From a New England Journal of Medicine article (March 11, 2020):
A central strategy for health care surge control is “forward triage” — the sorting of patients before they arrive in the emergency department (ED). Direct-to-consumer (or on-demand) telemedicine, a 21st-century approach to forward triage that allows patients to be efficiently screened, is both patient-centered and conducive to self-quarantine, and it protects patients, clinicians, and the community from exposure.
It can allow physicians and patients to communicate 24/7, using smartphones or webcam-enabled computers. Respiratory symptoms — which may be early signs of Covid-19 — are among the conditions most commonly evaluated with this approach. Health care providers can easily obtain detailed travel and exposure histories. Automated screening algorithms can be built into the intake process, and local epidemiologic information can be used to standardize screening and practice patterns across providers.

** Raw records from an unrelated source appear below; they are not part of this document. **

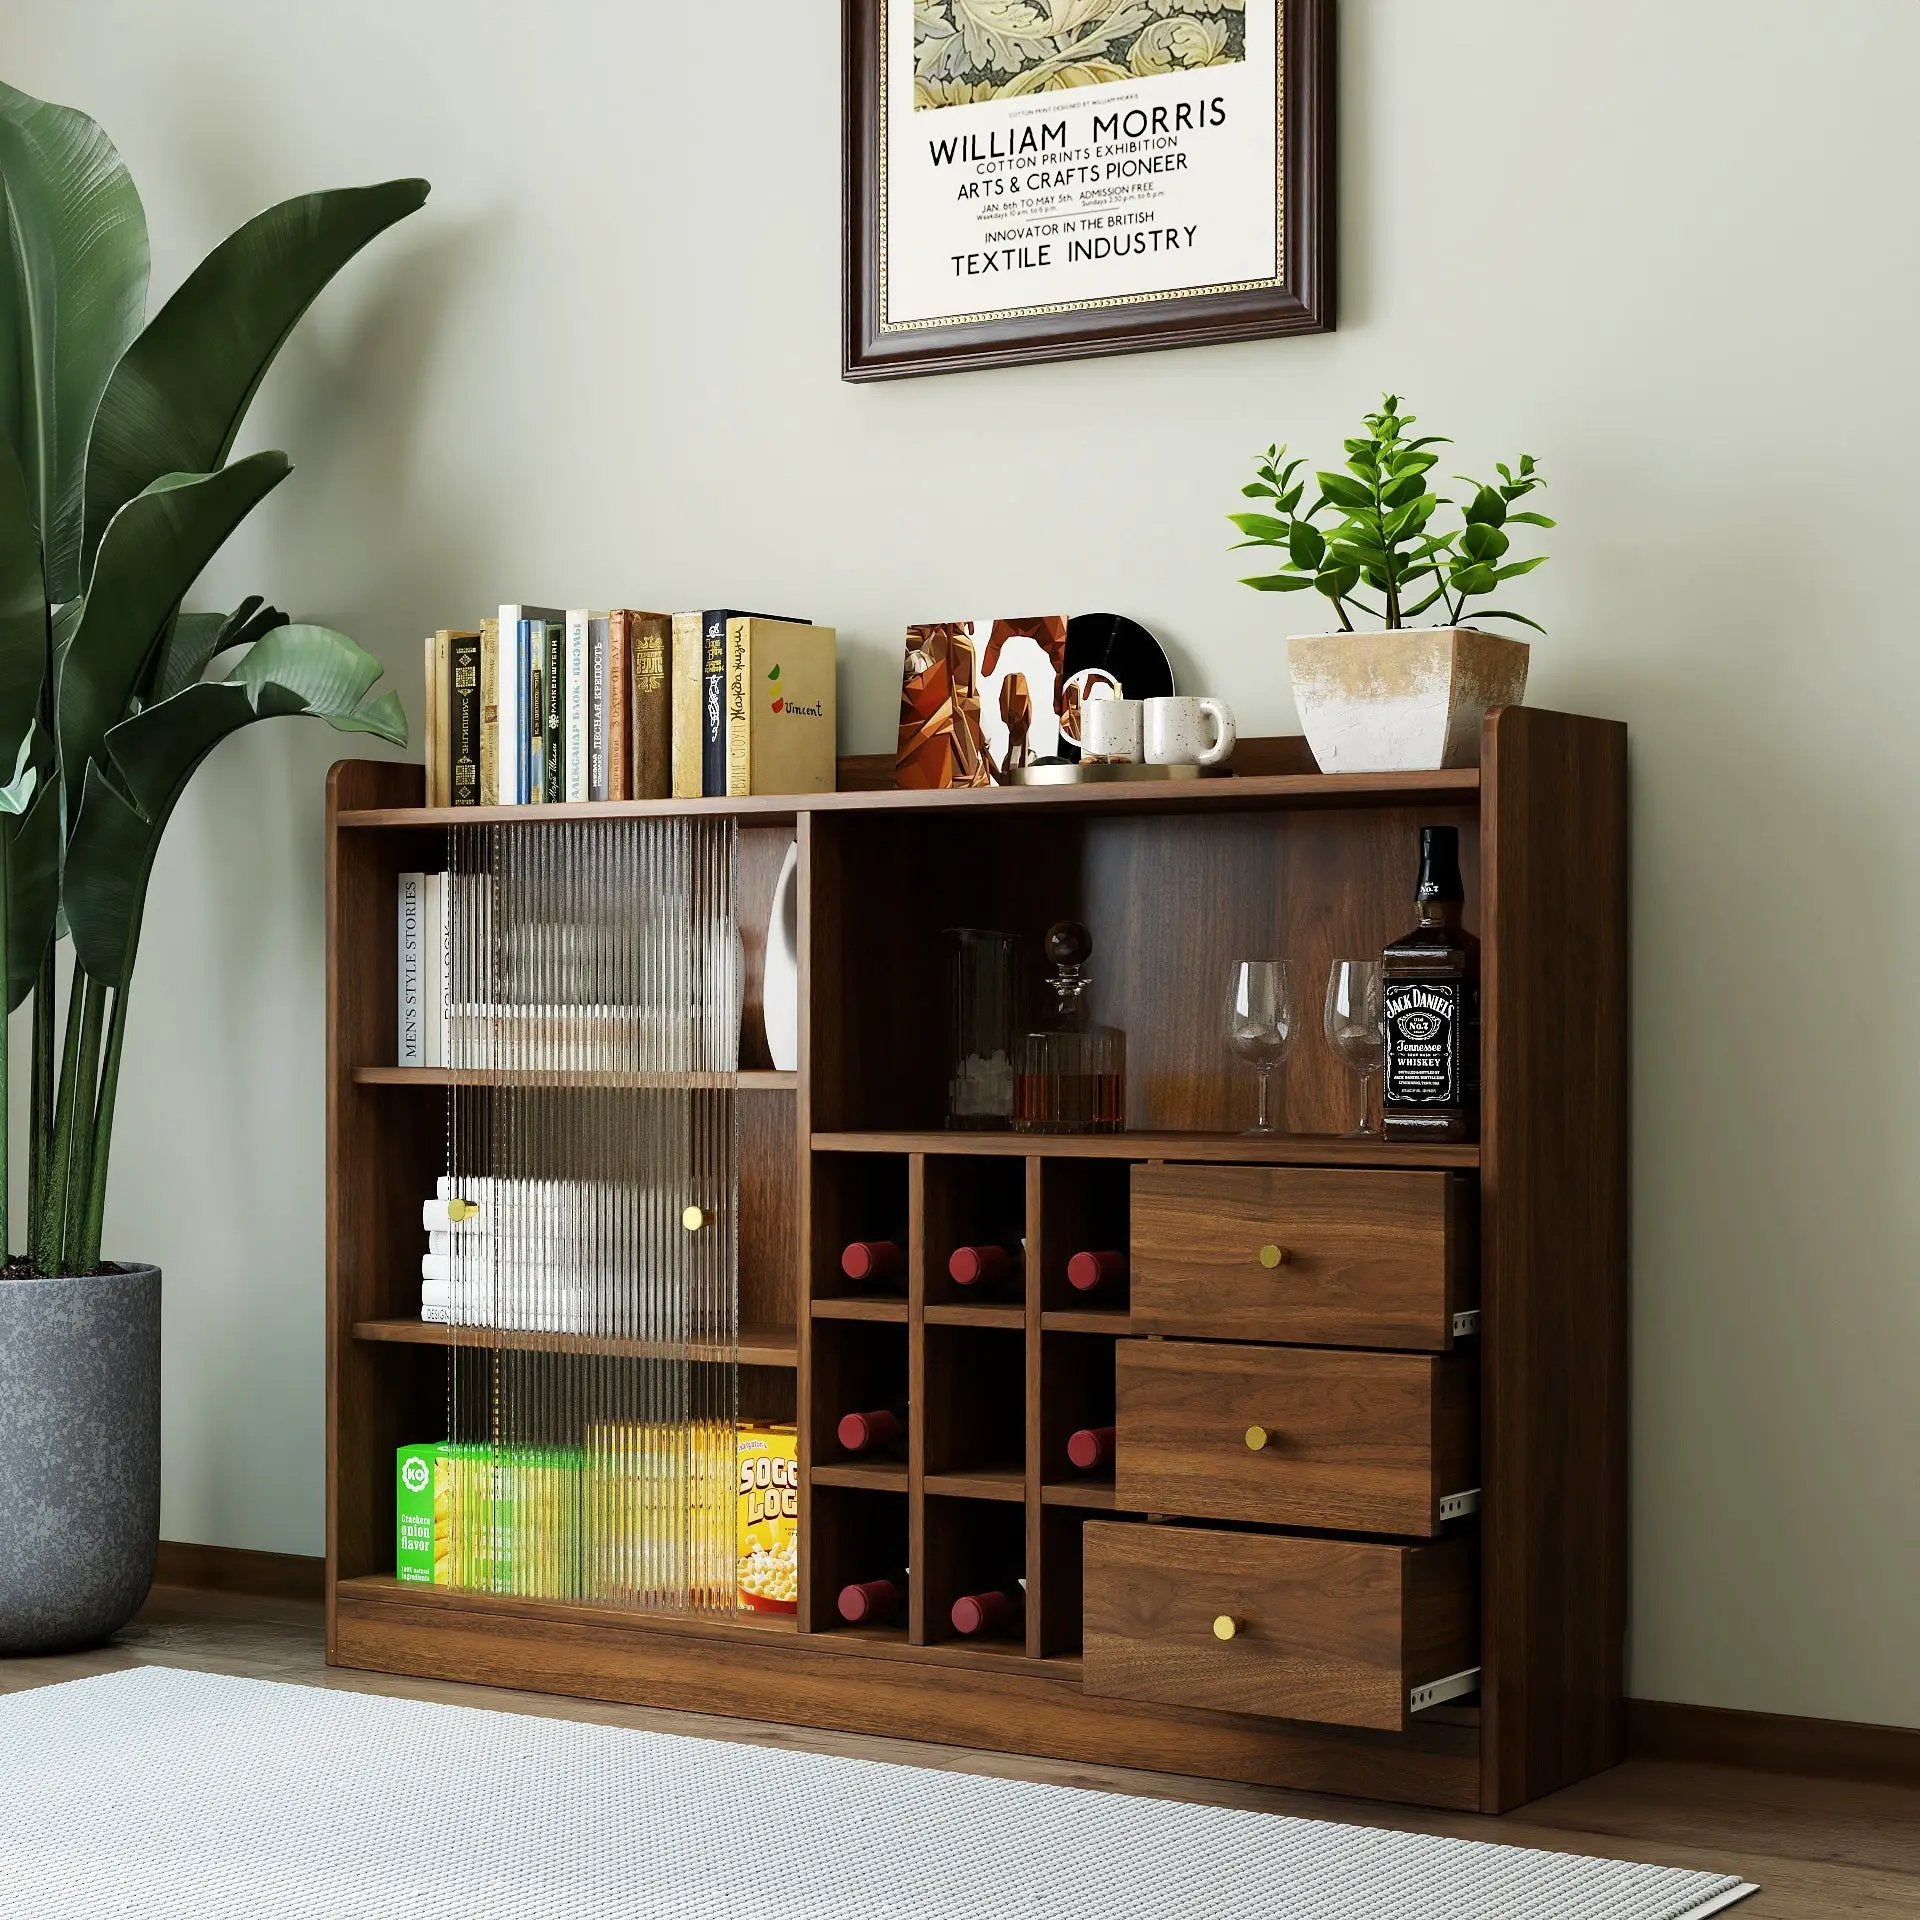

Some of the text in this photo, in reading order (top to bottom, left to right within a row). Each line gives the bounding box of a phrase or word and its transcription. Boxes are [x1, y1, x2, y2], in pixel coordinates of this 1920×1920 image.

[929, 96, 1226, 167] WILLIAM MORRIS
[976, 136, 1178, 175] COTTON PRINTS EXHIBITION
[957, 153, 1188, 201] ARTS & CRAFTS PIONEER
[1079, 181, 1154, 200] ADMISSION FREE
[1003, 201, 1018, 210] 6th
[1021, 198, 1034, 208] TO
[1036, 195, 1055, 206] MAY
[984, 211, 1155, 243] INNOVATOR IN THE BRITISH
[951, 225, 1198, 277] TEXTILE INDUSTRY
[730, 625, 746, 722] Жажда жизни
[571, 623, 582, 799] АЛЕКСАНДР БЛОК ПОЭМЫ
[593, 642, 603, 750] ЛЕСНАЯ КРЕПОСТЬ
[784, 700, 823, 717] Vincent
[730, 724, 746, 759] СТОУН
[405, 880, 417, 1059] MEN'S STYLE STORIES
[1386, 988, 1455, 1021] JACK DANIEL'S
[1409, 1022, 1429, 1031] No.7
[1396, 1039, 1442, 1052] Tennessee
[1397, 1058, 1441, 1067] WHISKEY
[406, 1468, 425, 1481] KO
[401, 1523, 430, 1539] onion
[401, 1535, 430, 1551] flavor

More than 50 U.S. health systems already have such programs. Jefferson Health, Mount Sinai, Kaiser Permanente, Cleveland Clinic, and Providence, for example, all leverage telehealth technology to allow clinicians to see patients who are at home. Systems lacking such programs can outsource similar services to physicians and support staff provided by Teladoc Health or American Well. At present, the major barrier to large-scale telemedical screening for SARS-CoV-2, the novel coronavirus causing Covid-19, is coordination of testing. As the availability of testing sites expands, local systems that can test appropriate patients while minimizing exposure — using dedicated office space, tents, or in-car testing — will need to be developed and integrated into telemedicine workflows.